Medtronic Neuromodulation recalls Vectris(TM) Trial Screening Lead Kit for Spinal Cord Stimulation, Models: (a) 977D160 (b) 977D260 Product Usage: The Me…

Recall date

May 25, 2018

Source

U.S. Food & Drug Administration (FDA) — enforcement report

Recall number

Z-2431-2018

FDA classification

Class II

Brand / firm

Medtronic Neuromodulation

Sold / distributed

Worldwide

Why it was recalled

This voluntary recall is being conducted due to the curved tip introducer needle which is included in the kit, to have a potential manufacturing defect. This could result in difficulty advancing or withdrawing the Vectris lead through the curved tip introducer needle.
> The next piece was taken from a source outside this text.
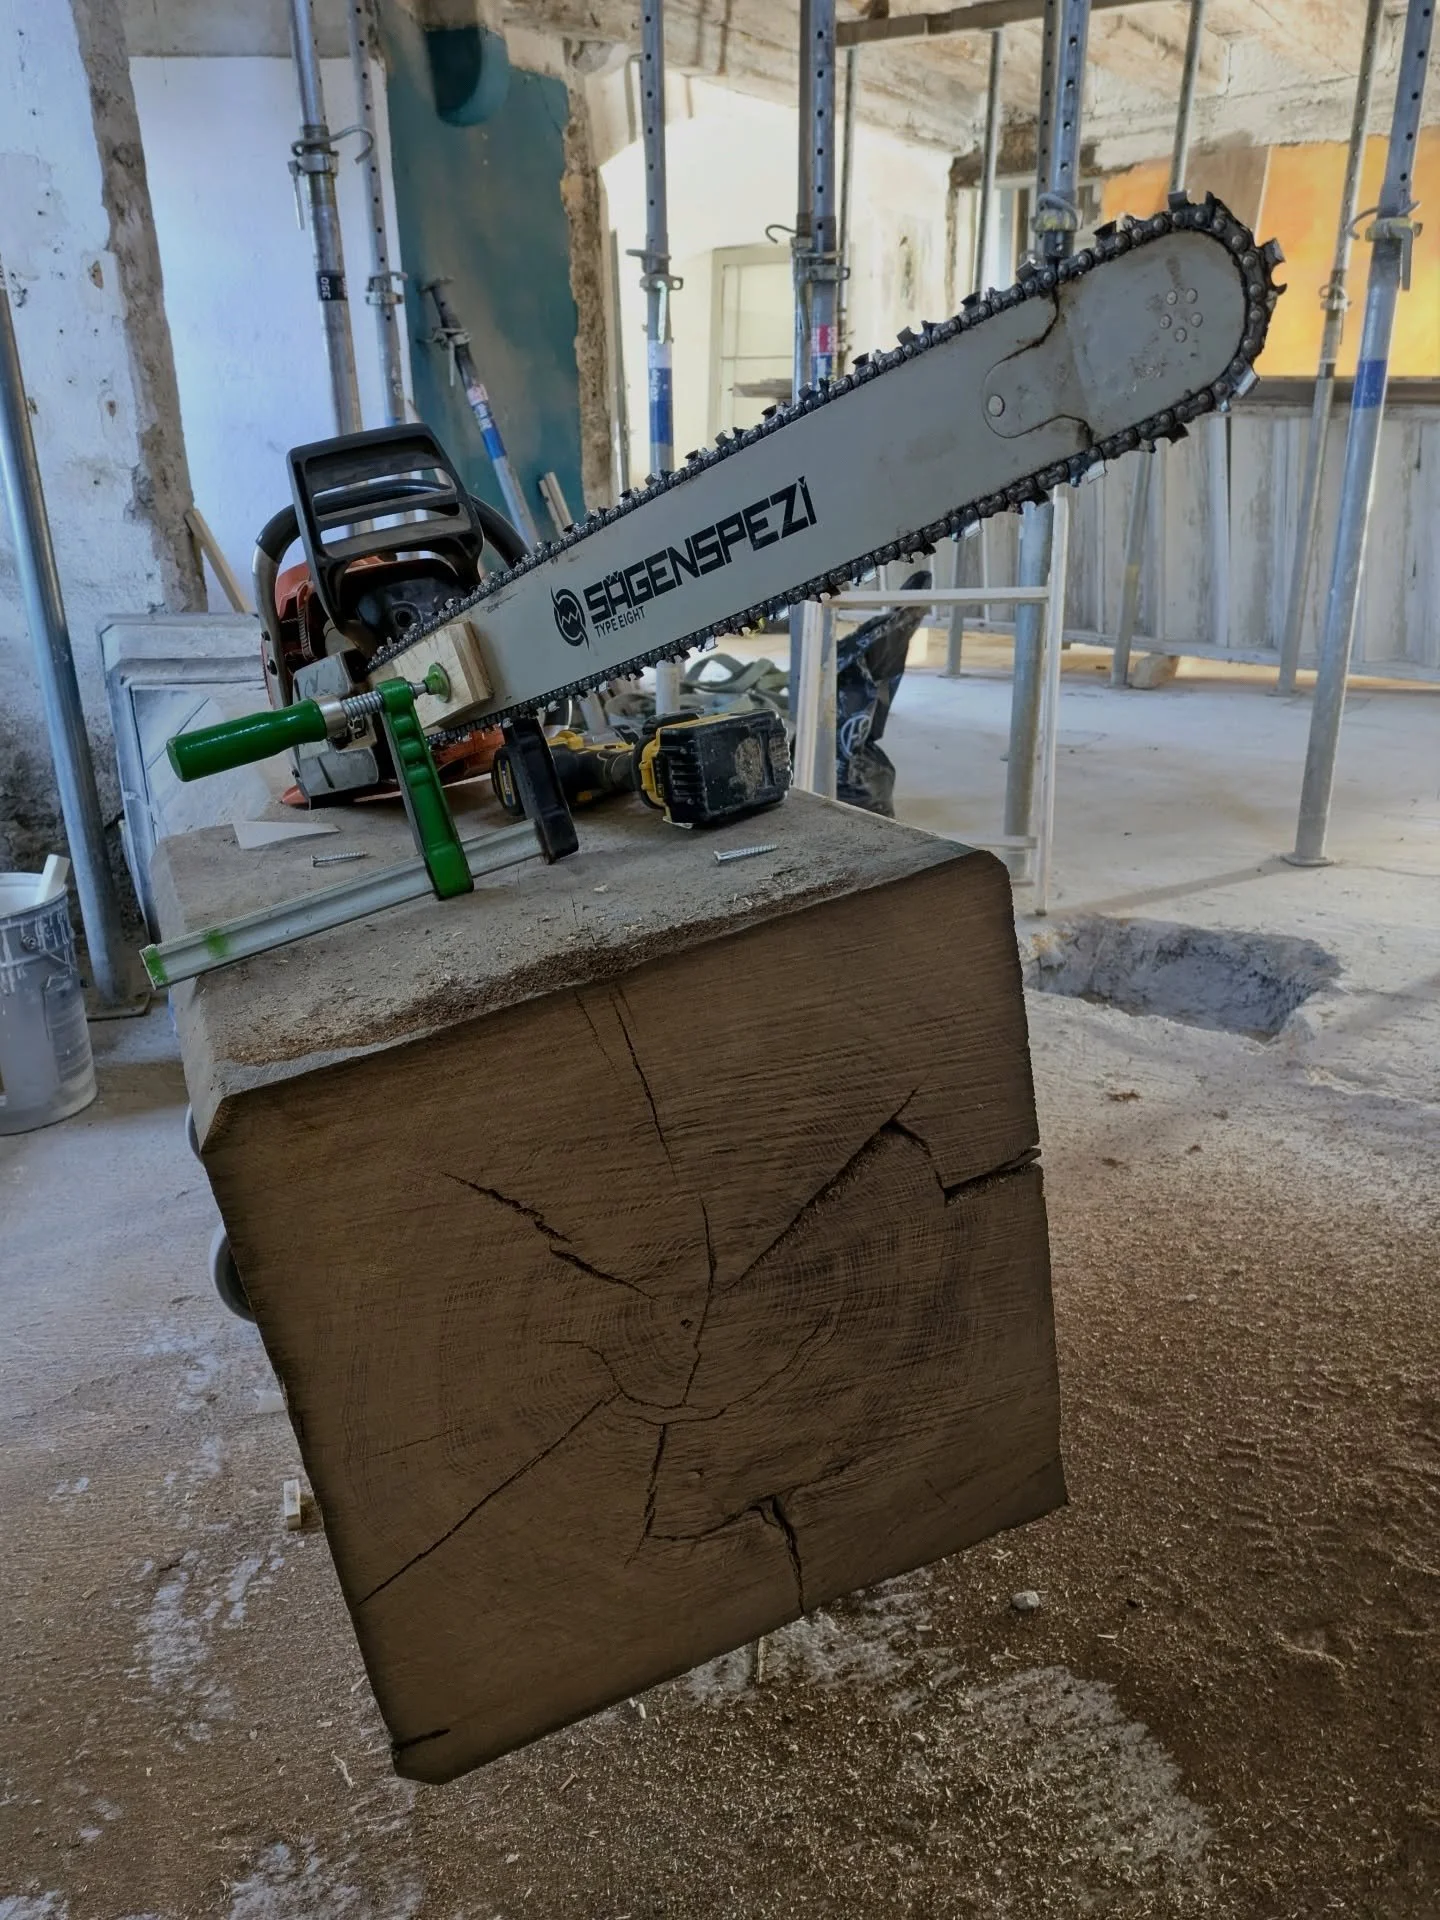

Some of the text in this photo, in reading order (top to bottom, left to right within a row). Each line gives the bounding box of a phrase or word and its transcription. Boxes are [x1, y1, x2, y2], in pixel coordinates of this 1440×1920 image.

Class II means using this product may cause temporary or medically reversible health problems; the chance of serious harm is remote.

What was recalled

Vectris(TM) Trial Screening Lead Kit for Spinal Cord Stimulation, Models: (a) 977D160 (b) 977D260 Product Usage: The Medtronic Vectris lead kits contain the implantable spinal cord stimulation lead, as well as additional components used for lead implant as part of a Neurostimulation system for pain therapy. A Medtronic implantable Neurostimulation system is indicated for spinal cord stimulation (SCS) systems as an aid in the management of chronic, intractable pain of the trunk and/or limbs-including unilateral or bilateral pain associated with the following conditions: Failed Back Syndrome (FBS) or low back syndrome or failed back; Radicular pain syndrome or radiculopathies resulting in pain secondary to FBS or herniated disk; Post laminectomy pain; Multiple back operations; Unsuccessful disk surgery; Degenerative Disk Disease (DDD)/herniated disk pain refractory to conservative and surgical interventions; Peripheral causalgia; Epidural fibrosis; Arachnoiditis or lumbar adhesive arachnoiditis; Complex Regional Pain Syndrome (CRPS), Reflex Sympathetic Dystrophy (RSD), or causalgia.